Rezim militer Orba Suharto memperlakukan Pancasila sebagai barang suci, azimat 
yang dipuja-puji dengan kata-kata mempesona ‘asas tunggal Pancasila’, seolah 
hendak mempersatukan seluruh rakyat Indonesia dalam membangun negara. Puja-puji 
itu hakekatnya terhadap kekuasaan Orba, yang hendak dilanggengkan dengan 
membangun institusi negara P4 dan BP7 dengan mengerahkan kaum intel dan 
intelektual sekaligus dengan terus-menerus melakukan pelanggaran hak asasi 
manusia yang sarat dengan kekerasan. Rezim Orba melalui sejarawan Nugroho 
Notosusanto pun mencoba berupaya meniadakan nama Bung Karno sebagai penggali 
Pancasila dari catatan sejarah. Di tangan rezim penindas ini Pancasila justru 
dijadikan alat pecah-belah dengan “bersih diri” dan “bersih lingkungan” serta 
manusia dengan KTP “ET” yang membuat berjuta warga negara didiskriminasikan, 
dikutuk dan dikuyo-kuyo atas nama “mempancasilakan” mereka.
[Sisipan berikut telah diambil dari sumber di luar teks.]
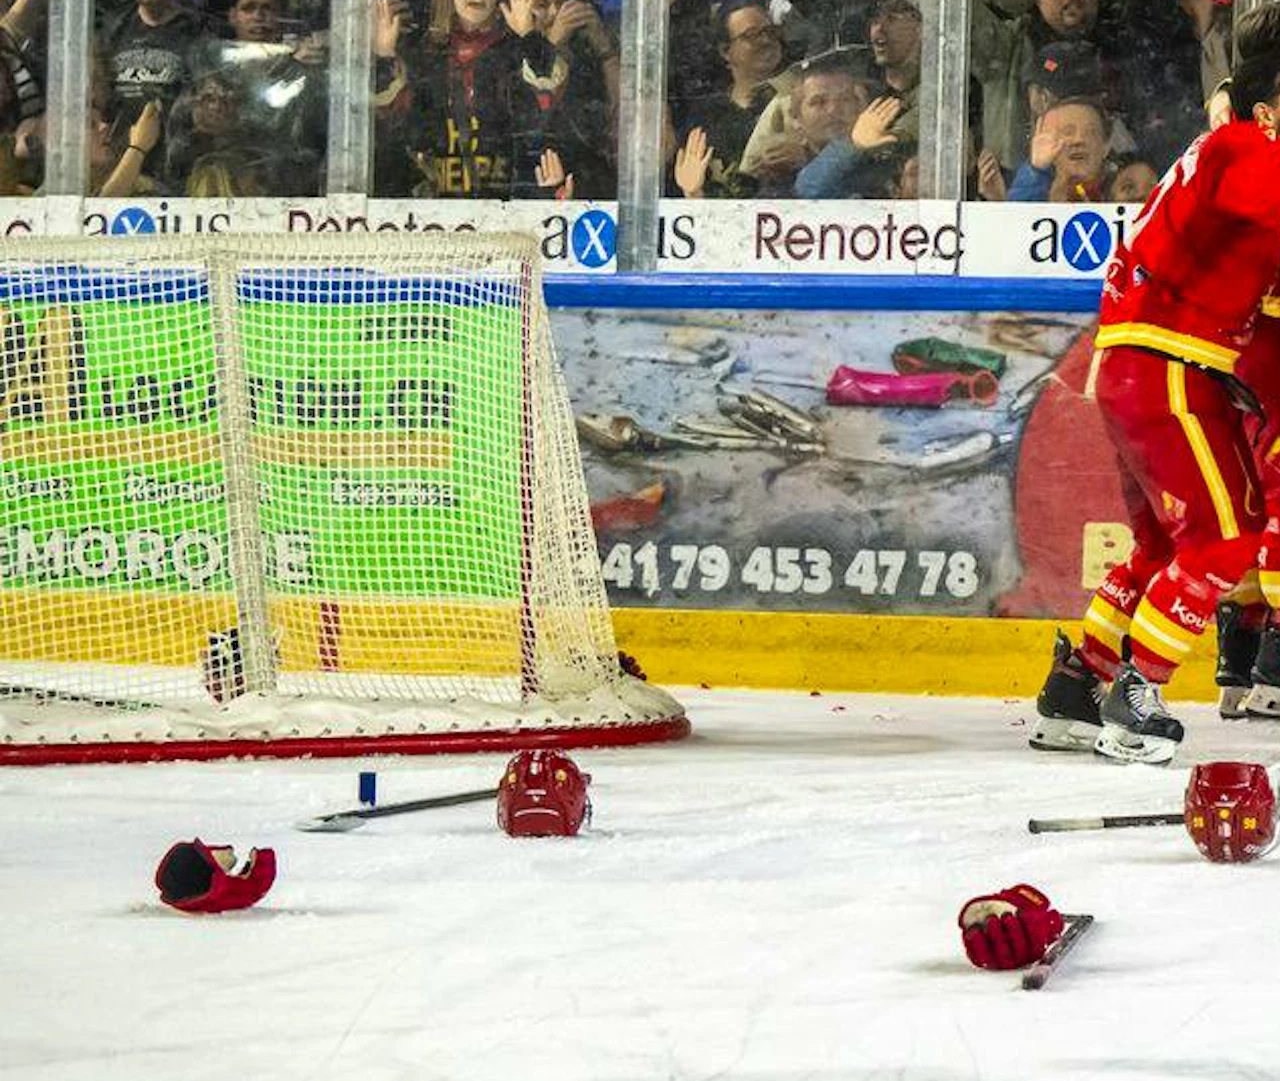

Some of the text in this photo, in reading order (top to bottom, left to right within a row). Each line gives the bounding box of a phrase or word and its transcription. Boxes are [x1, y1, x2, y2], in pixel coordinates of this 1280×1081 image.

[541, 208, 696, 269] axs
[755, 211, 965, 263] Renotec
[1030, 205, 1128, 272] axi
[0, 524, 312, 589] MORQE
[669, 545, 731, 591] 79
[741, 545, 833, 594] 453
[844, 549, 906, 596] 47
[918, 551, 979, 598] 78
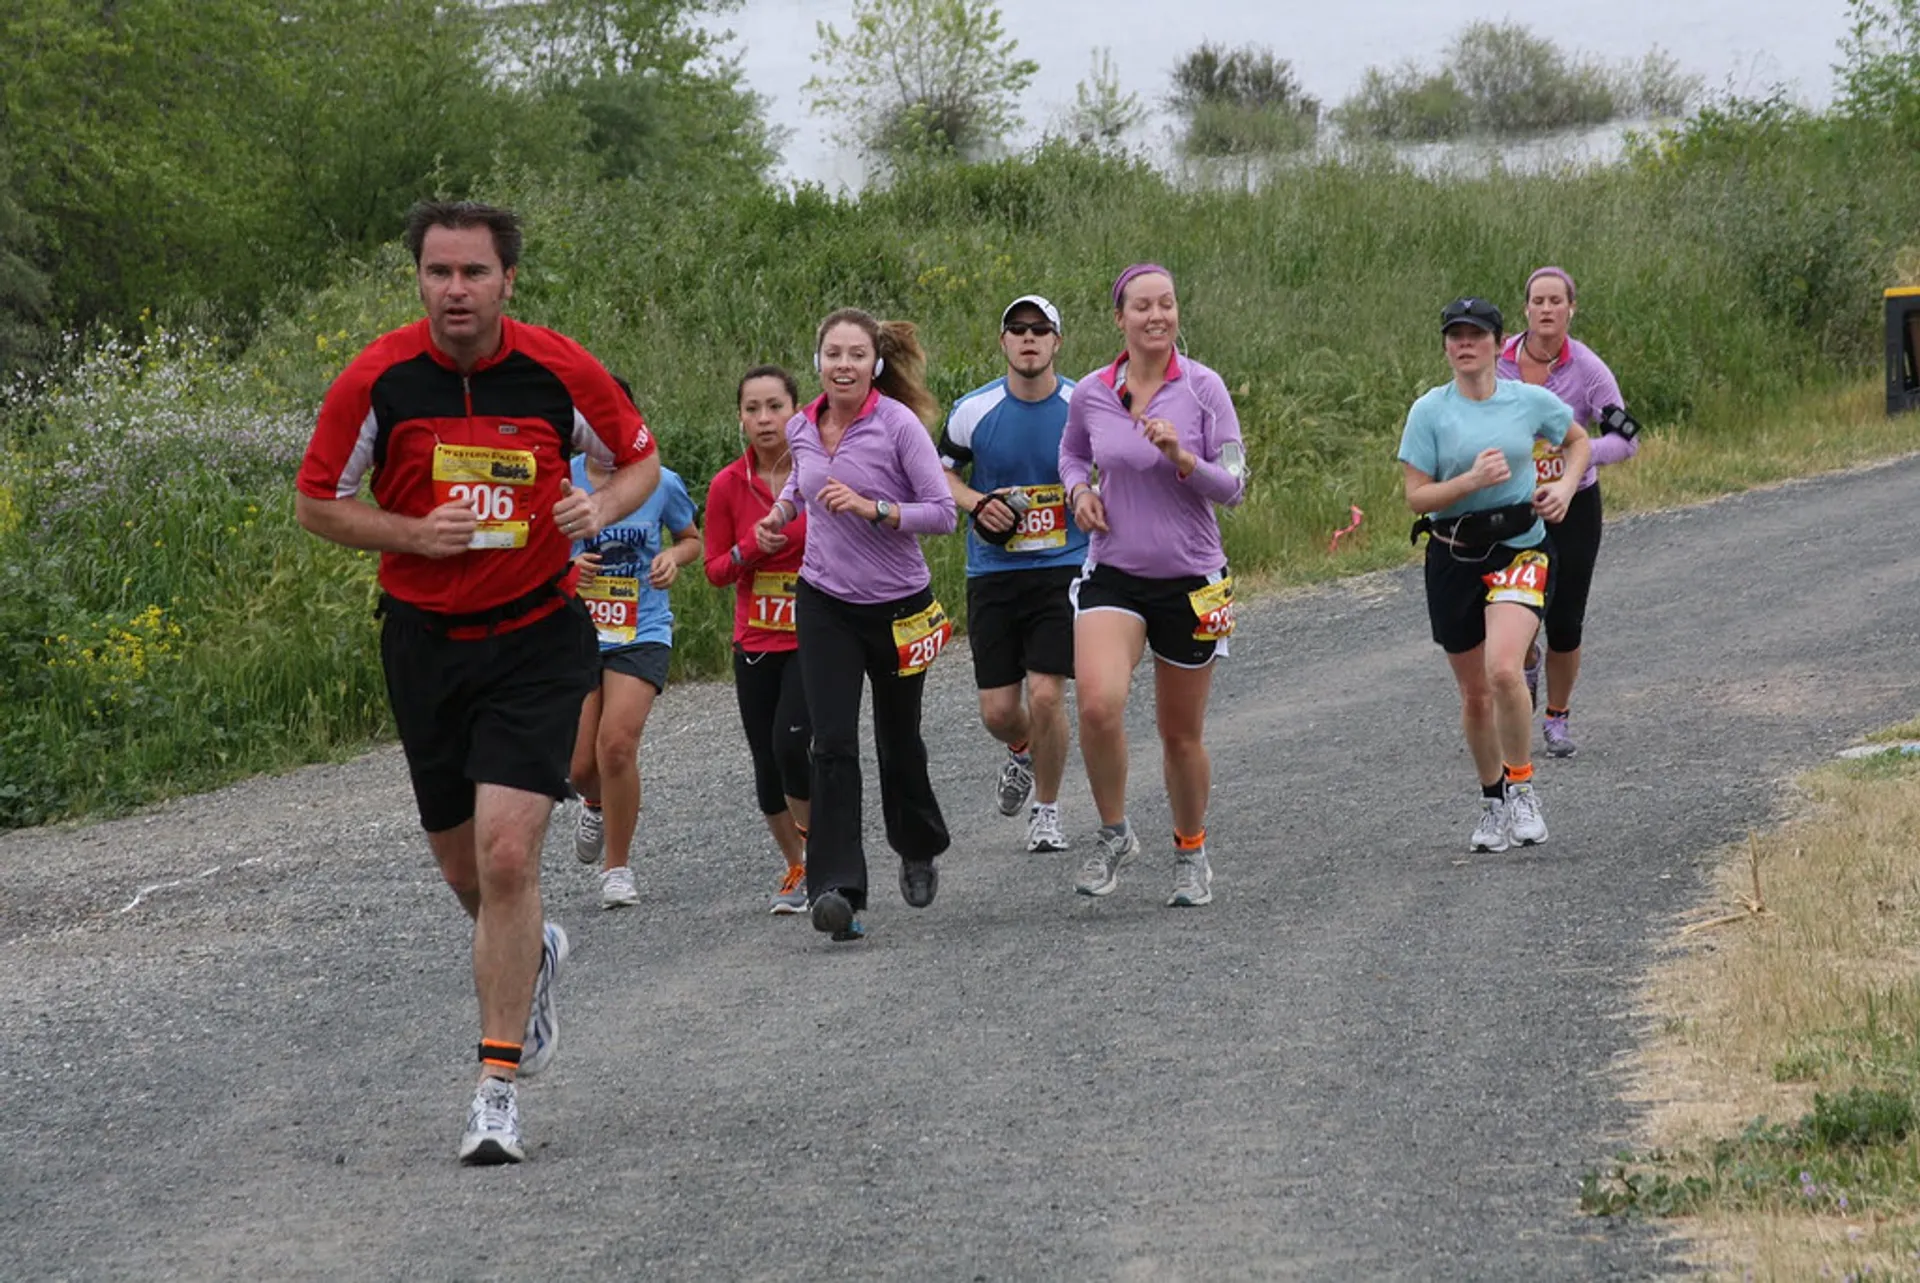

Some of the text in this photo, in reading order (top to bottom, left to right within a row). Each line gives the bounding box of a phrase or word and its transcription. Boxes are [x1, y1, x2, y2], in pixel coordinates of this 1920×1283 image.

[1535, 457, 1565, 481] 30
[448, 484, 515, 520] 206
[584, 600, 627, 626] 299
[755, 597, 796, 624] 171
[908, 628, 944, 667] 287
Dalam kehidupan sehari-hari yang bak berada di samudra korupsi itu P4 dan BP7 
menjadi dagelan yang sarat dengan pemborosan dana, waktu dan sumber daya 
manusia serta sarat dengan lagak kemunafikan yang mendapat sindiran amat tajam 
seorang kiai yang penyair KHA Mustofa Bisri yang ditulisnya di masa kejayaan 
rezim Orba dalam kumpulan puisi “Gelap Berlapis-Lapis,” dengan sajak 
‘Kembalikan Makna Pancasila’ dengan amat tajamnya, sekaligus mencerminkan 
kenyataan sebenarnya, a.l.:

“kesetanan yang maha perkasa

kebinatangan yang degil dan biadab

perseteruan indonesia

kekuasaan yang dipimpin oleh nikmat kepentingan dalam perkerabatan/perkawanan

kelaliman sosial bagi seluruh rakyat indonesia”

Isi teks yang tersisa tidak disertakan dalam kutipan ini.